Bibbidi Bobbidi Boutique is buzzing with young girls, but each girl gets a huge amount of personal attention from their own fairy godmothers-in-training. The staff is very attentive and shows great respect to the choices of each girl, somehow making each one feel both important and unique. It is a type of attention that busy parents rarely have the patience or time to provide, and the girls seem to thrive in their own Disney bubble of personal care and consideration.

Finally, an hour and a quarter later, the transformation is complete. Disney magic has given my daughter a beautiful princess gown, a soft glittering glow to her face and a dramatic hair style including long pink tresses. Her look is wholesome, but ethereal — more Broadway than “beauty pageant.” Creagh has been expertly styled and has emerged as another creature entirely from the pensive, cautious girl who entered the salon earlier. She stands taller and exudes confidence.

As she mounts the royal throne for her photo session, my daughter has the gleam in her eye of a real princess. She has been listened to today and made her own choices. Not important ones mind you — which hairstyle she would like, nail colors and the like — but still the choices have been her own. She has found her inner princess and likes it.

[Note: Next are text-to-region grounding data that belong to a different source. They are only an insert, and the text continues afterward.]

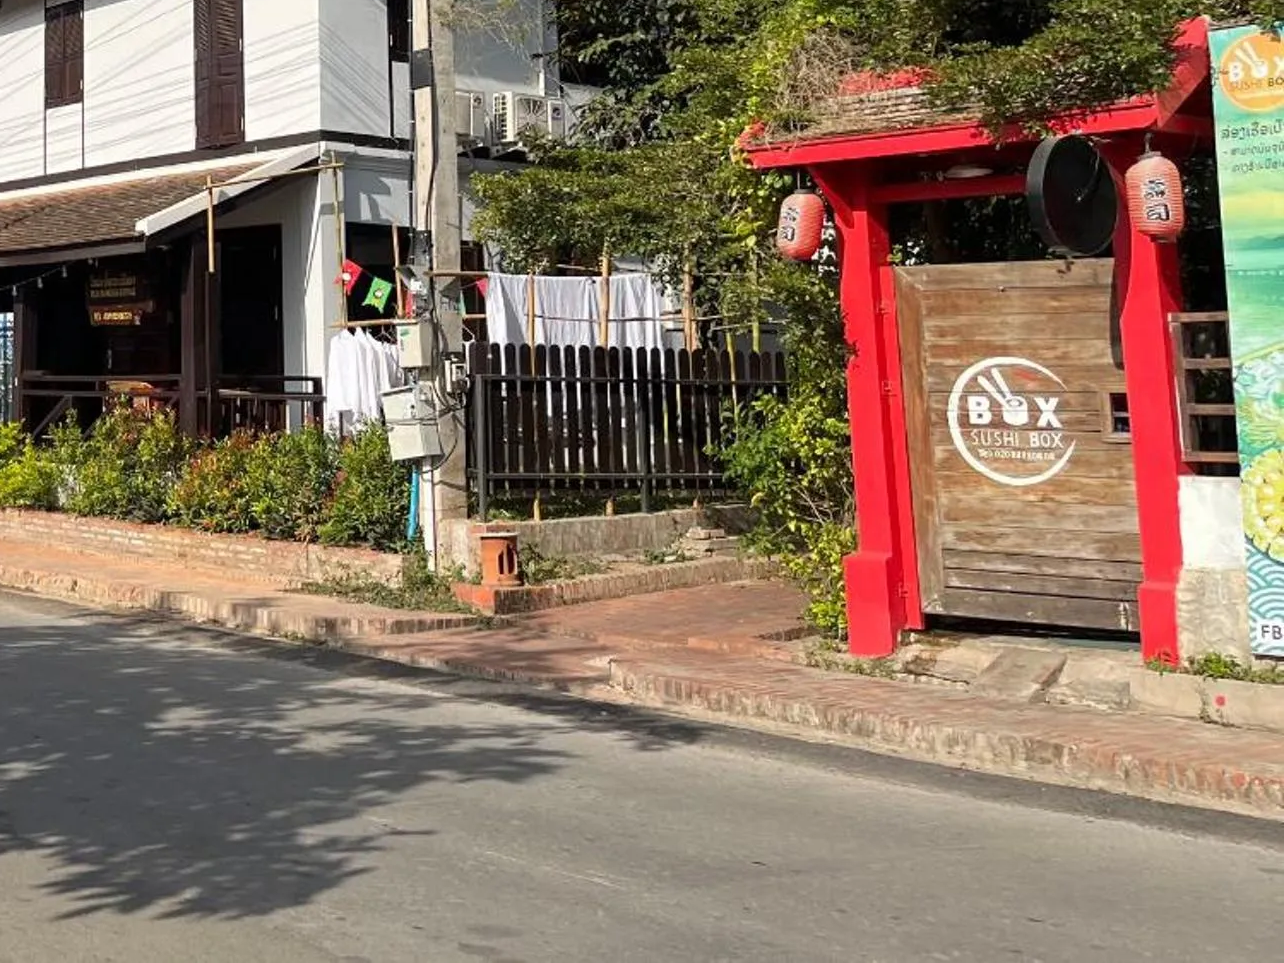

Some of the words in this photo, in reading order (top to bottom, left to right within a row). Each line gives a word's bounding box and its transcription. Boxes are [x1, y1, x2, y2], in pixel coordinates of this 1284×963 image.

[1267, 76, 1284, 87] BO
[966, 395, 1064, 428] BOX
[970, 428, 1020, 447] SUSHI
[1029, 431, 1064, 448] BOX
[1260, 624, 1283, 640] FB

It is fair to ask what the point is of dressing up little girls, putting make up on them and painting their nails, all in the style of one of the Disney princesses. But whatever its excesses, the “princess makeover” does seem to have positive psychic benefits for the little girls themselves. The girls feel that their opinions matter and that they are important. They also seem to get a hint that they can be as beautiful as any princess or any other girl. There is no adolescent angst about not being pretty enough–all girls are treated as beauties here.

And I loved seeing my daughter transformed into a fantasy princess and enjoyed watching her soak up all the attention that was gracefully given to her. For many parents–including me, seeing their daughter “come out” as a princess was a very moving experience.

One mom next to me was crying profusely. She told me that she had saved up to give her daughter this special experience because she thought it might help her daughter feel better about herself and also improve their relationship. It sounded like there had been a lot of conflict over the past year between she and her daughter and it took the Bibbidi Bobbidi Boutique experience to show her that the inner beauty of her daughter was still there–despite their recent hard times.

The staff told me that crying parents are a common sight at the salon. Many parents weep silently and even sob outright — not just because their daughters look like beautiful princesses, but also because they love to see their daughters bask in the spotlight and thrive under the attentive care of the Disney fairy godmothers-in-training.

And the experience of making her own choices and receiving intense personal attention at the salon seems to have stayed with Creagh. My wife has noticed that Creagh is expressing her own opinion more in the family–and not always just agreeing with the views of her older brother and sister. Whether this is because of the Bibbidi Bobbidi Boutique experience or for other reasons, we don’t know, but after her trip, she seems to be putting herself on equal footing with her older siblings more. I don’t think it was just about the make-up and pretty dresses for Creagh — it was about having grownups give her choices, listen to her likes and dislikes, and allow her to feel comfortable being the center of attention for a while.

Congratulations to Disney for letting little girls and their families find their “princesses.” Princess therapy really works, for daughter and for parent. Just ask Princess Creagh.

Editor’s Note: Mallory Factor is the co-chairman and co-founder of the Monday Meeting, an influential meeting of economic conservatives, journalists and corporate leaders in New York City. Mr. Factor is a well-known merchant banker and speaks and writes frequently on economic and fiscal topics for news stations, leading newspapers and other print and online publications.